- TO DO
A faithful copy of every entry is the goal; keep the images out of it.

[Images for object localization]
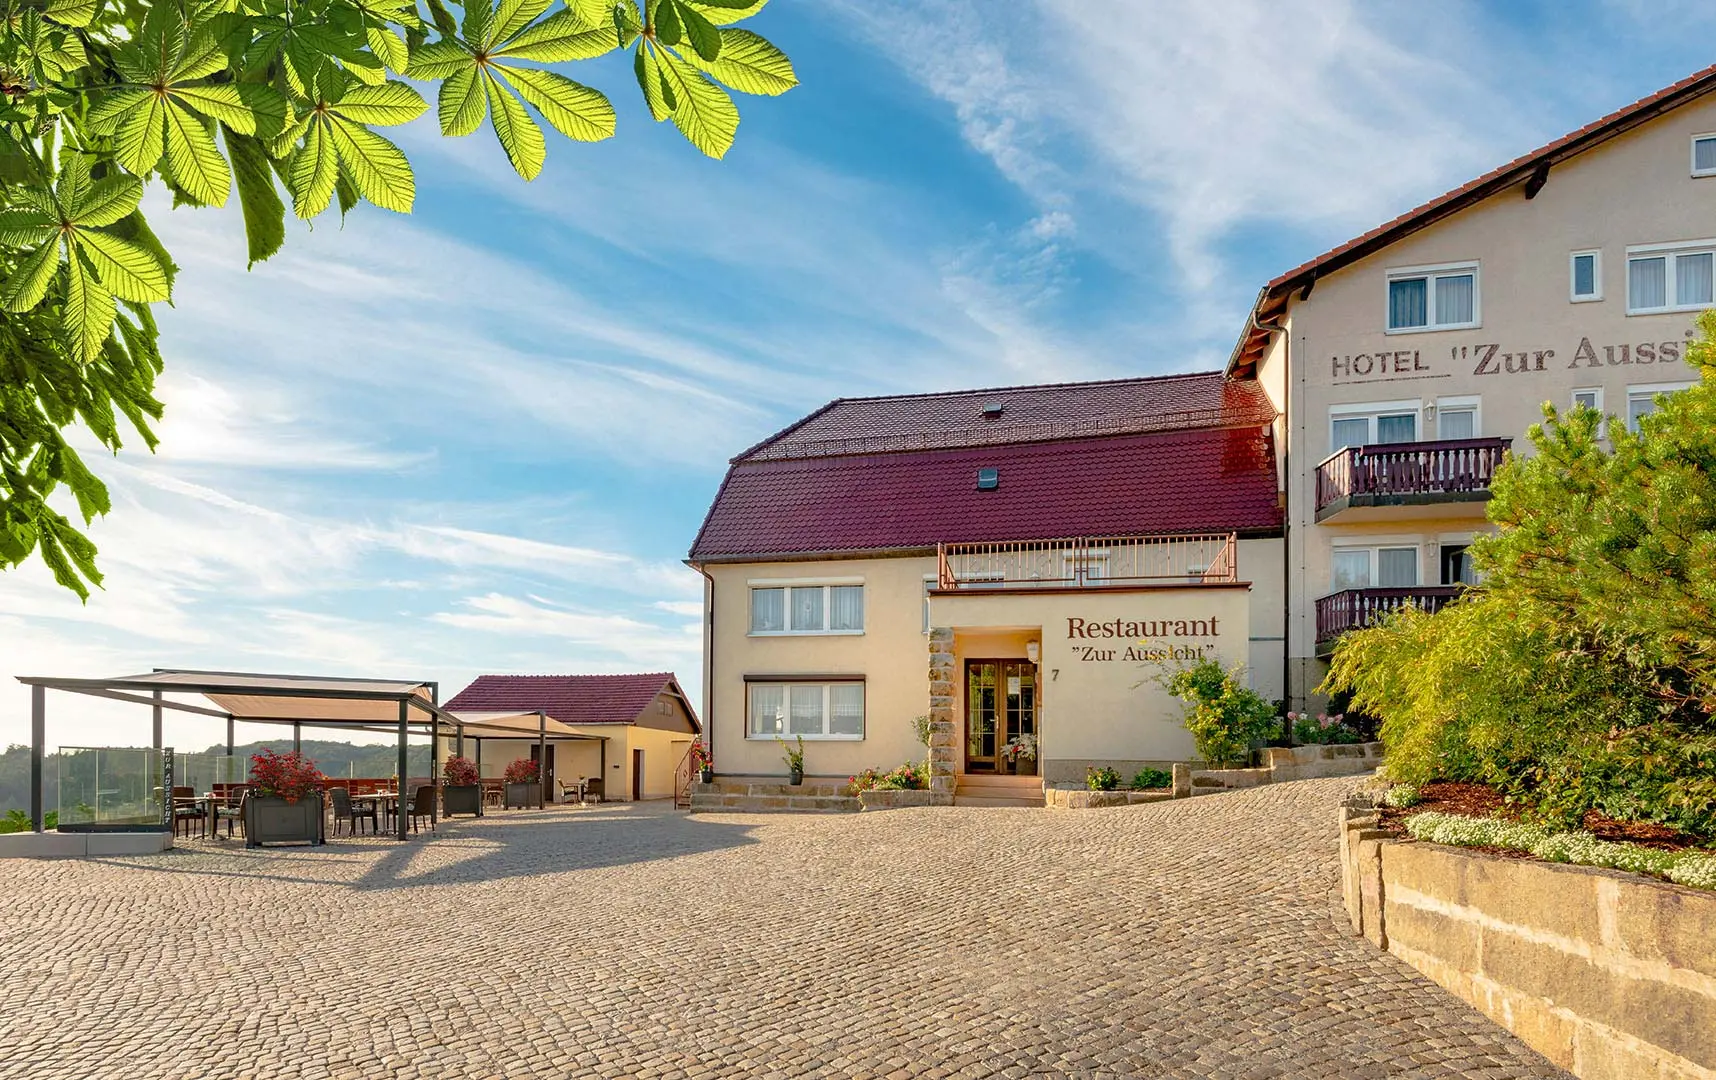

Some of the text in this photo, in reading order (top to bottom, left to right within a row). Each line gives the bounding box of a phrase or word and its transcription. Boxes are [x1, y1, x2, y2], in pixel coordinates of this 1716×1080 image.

[1332, 350, 1430, 377] HOTEL
[1567, 329, 1694, 369] Auss
[1067, 616, 1220, 639] Restaurant
[1052, 669, 1060, 681] 7

- TASK OUTPUT
Some of the text in this photo, in reading order (top to bottom, left to right within a row). Each line gives the bounding box of a phrase or word and its transcription. Boxes are [x1, y1, x2, y2], in pixel coordinates of this 1716×1080 image.

[1332, 350, 1430, 377] HOTEL
[1567, 329, 1694, 369] Auss
[1067, 616, 1220, 639] Restaurant
[1052, 669, 1060, 681] 7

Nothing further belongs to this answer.